From the prison letters of George Jackson (1941-1971)
"Blackmen born in the U.S. and fortunate enough to live past the age of eighteen are conditioned to accept the inevitability of prison. For most of us, it simply looms as the next phase in a sequence of humiliations. Being born a slave in a captive society and never experiencing any objective basis for expectation had the effect of preparing me for the progressively traumatic misfortunes that lead so many blackmen to the prison gate. I was prepared for prison. It required only minor psychic adjustments."
Page 28
"I've been asked to explain myself, "briefly," before the world has done with me. It is difficult because I don't recognize uniqueness, not as it's applied to individualism, because it is too tightly tied into decadent capitalist culture. Rather I've always strained to see the indivisible thing cutting across the artificial barricades which have been erected to an older section of our brains, back to the mind of the primitive commune that exists in all blacks. But then how can I explain the runaway slave in terms that do not imply uniqueness?
I was captured and brought to prison when I was 18 years old because I couldn't adjust. The record that the state has compiled on my activities reads like the record of ten men. It labels me brigand, thief, burglar, gambler, hobo, drug addict, gunman, escape artist, Communist revolutionary, and murderer. I was born as the Great Depression was ending. It was ending because the second great war for colonial markets was beginning in the U.S. .."

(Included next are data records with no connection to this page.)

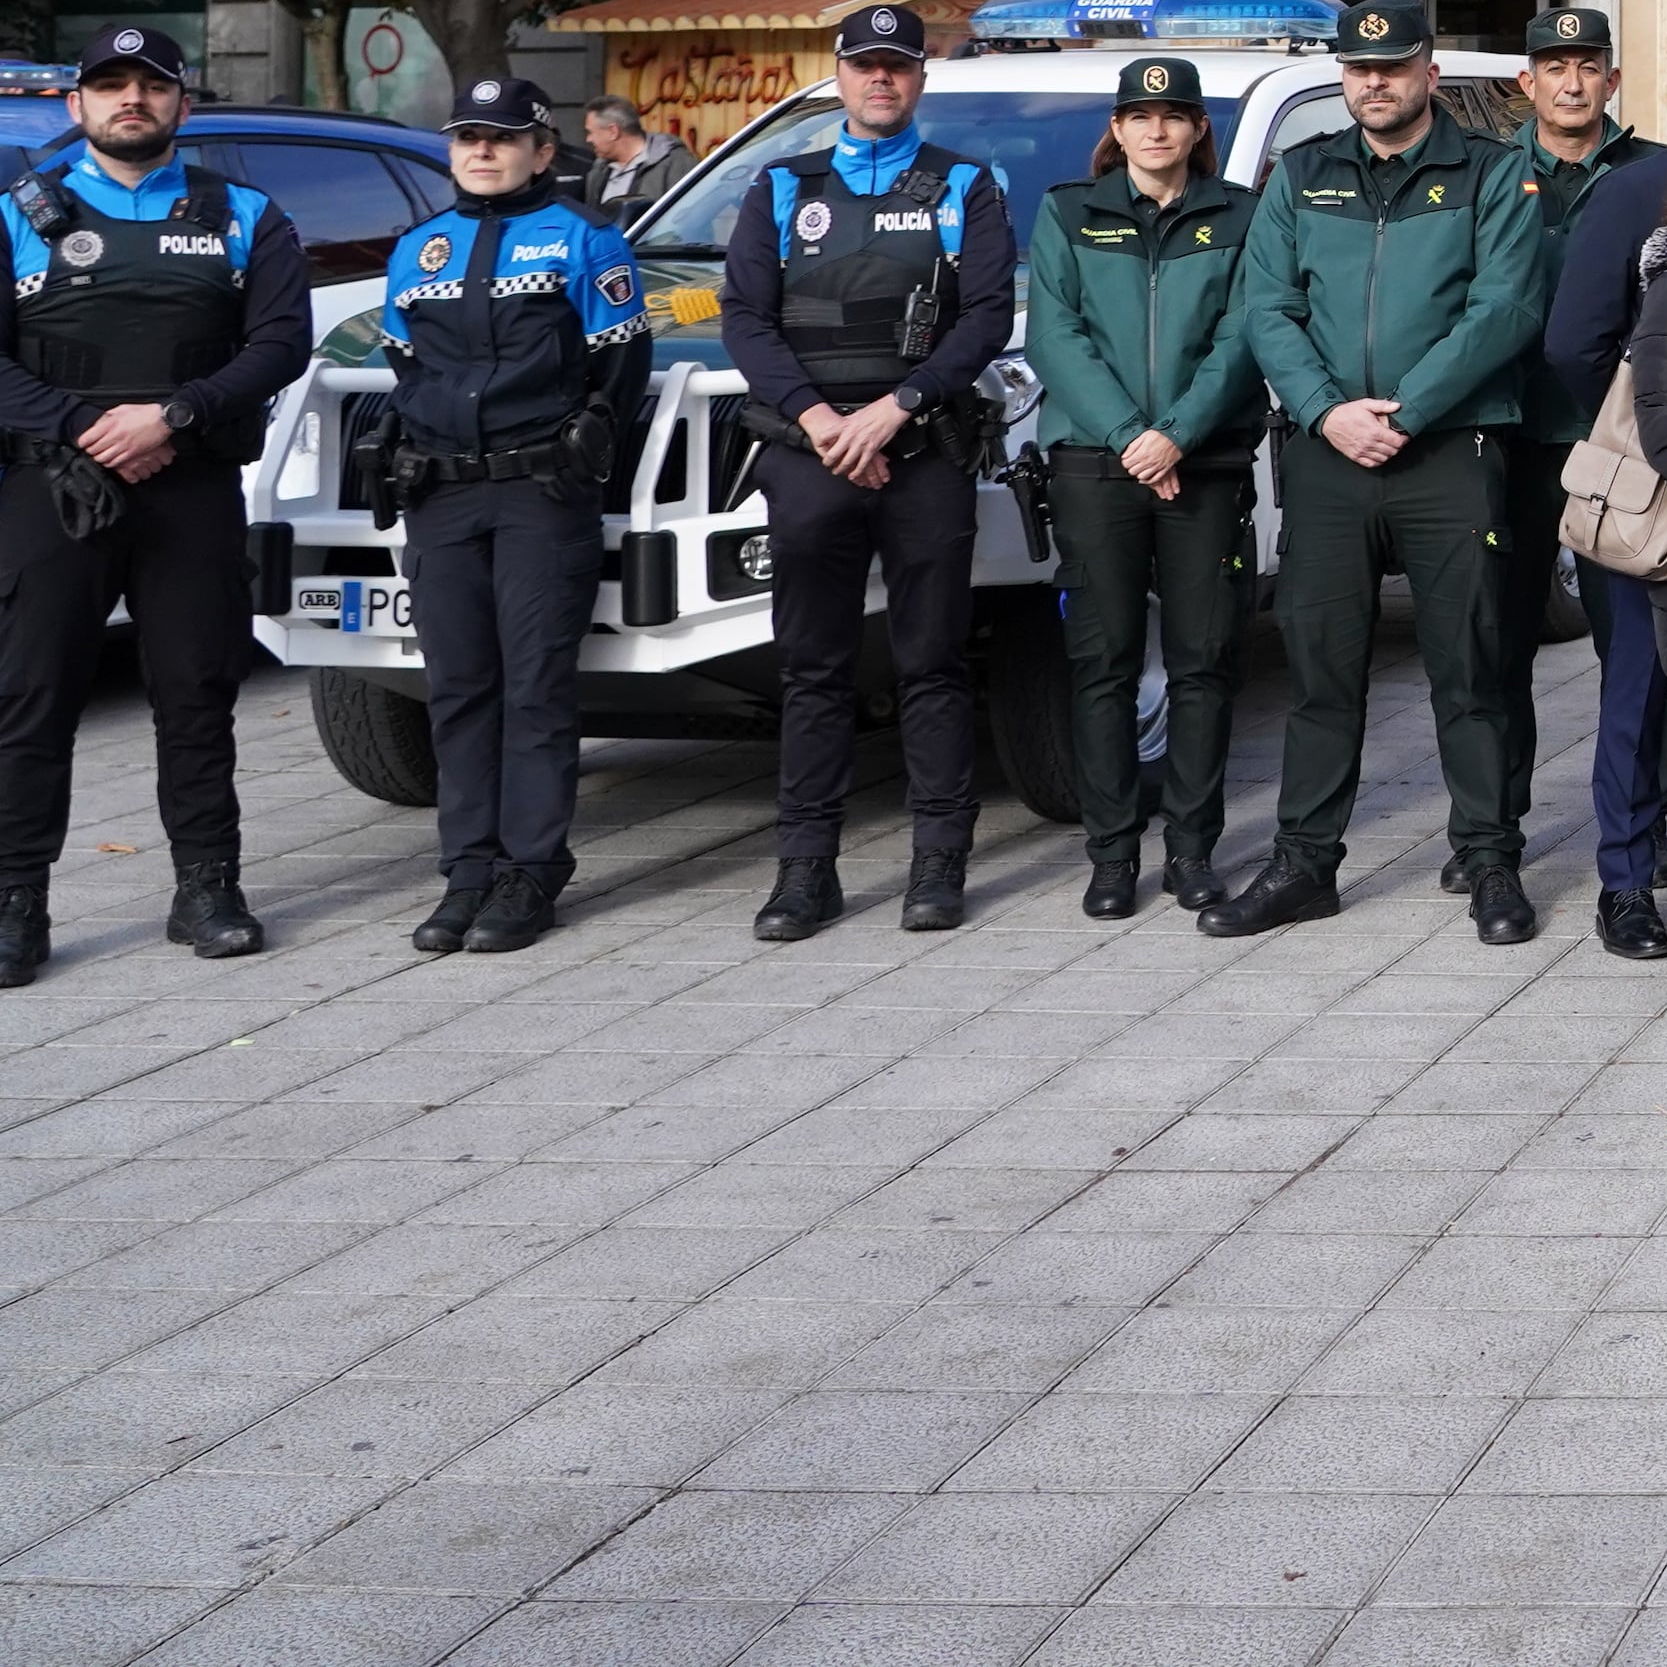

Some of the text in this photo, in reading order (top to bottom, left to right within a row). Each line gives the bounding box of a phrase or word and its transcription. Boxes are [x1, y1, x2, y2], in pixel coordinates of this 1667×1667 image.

[1087, 7, 1134, 19] CIVIL
[620, 35, 800, 115] Castañas
[1303, 189, 1358, 198] GUARDIA CIVIL
[874, 207, 932, 232] POLICÍA
[1080, 226, 1139, 236] GUARDIA CIVIL
[159, 233, 225, 256] POLICÍA
[511, 238, 569, 263] POLICÍA
[304, 594, 338, 606] ARB

-------- Born in Chicago, Jackson spent time in the California Youth Authority Corrections facility in Paso Robles for several convictions. He was convicted of armed robbery, a felony, for robbing a gas station at gunpoint and at age 18 was sentenced to serve one year to life in prison. While at Soledad prison in 1966, he founded the Black Guerrilla Family, a Marxist prison gang with political objectives. The BGF is still active today and still considered a prison gang.

On 16 January 1970 along with Fleeta Drumgo and John Clutchette, Jackson was charged with murdering guard John V. Mills, in retaliation for the shooting deaths of three black inmates by officer O.G. Miller from his guard tower; both the shooting and the retaliation took place inside Soledad Prison. The guard was not charged, a grand jury ruled his actions to be justifiable homicide in response to a fight that had broken out. Incarcerated in the maximum security cellblock at Soledad Prison, Jackson and the other two inmates became known as the "Soledad Brothers".

On 7th August, 1970, George Jackson's seventeen year old brother, Jonathan, burst into a Marin County courtroom with a machine-gun and after taking Judge Harold Haley, Deputy District Attorney Gary Thomas and three jurors hostage, he demanded freedom for the "Soledad Brothers".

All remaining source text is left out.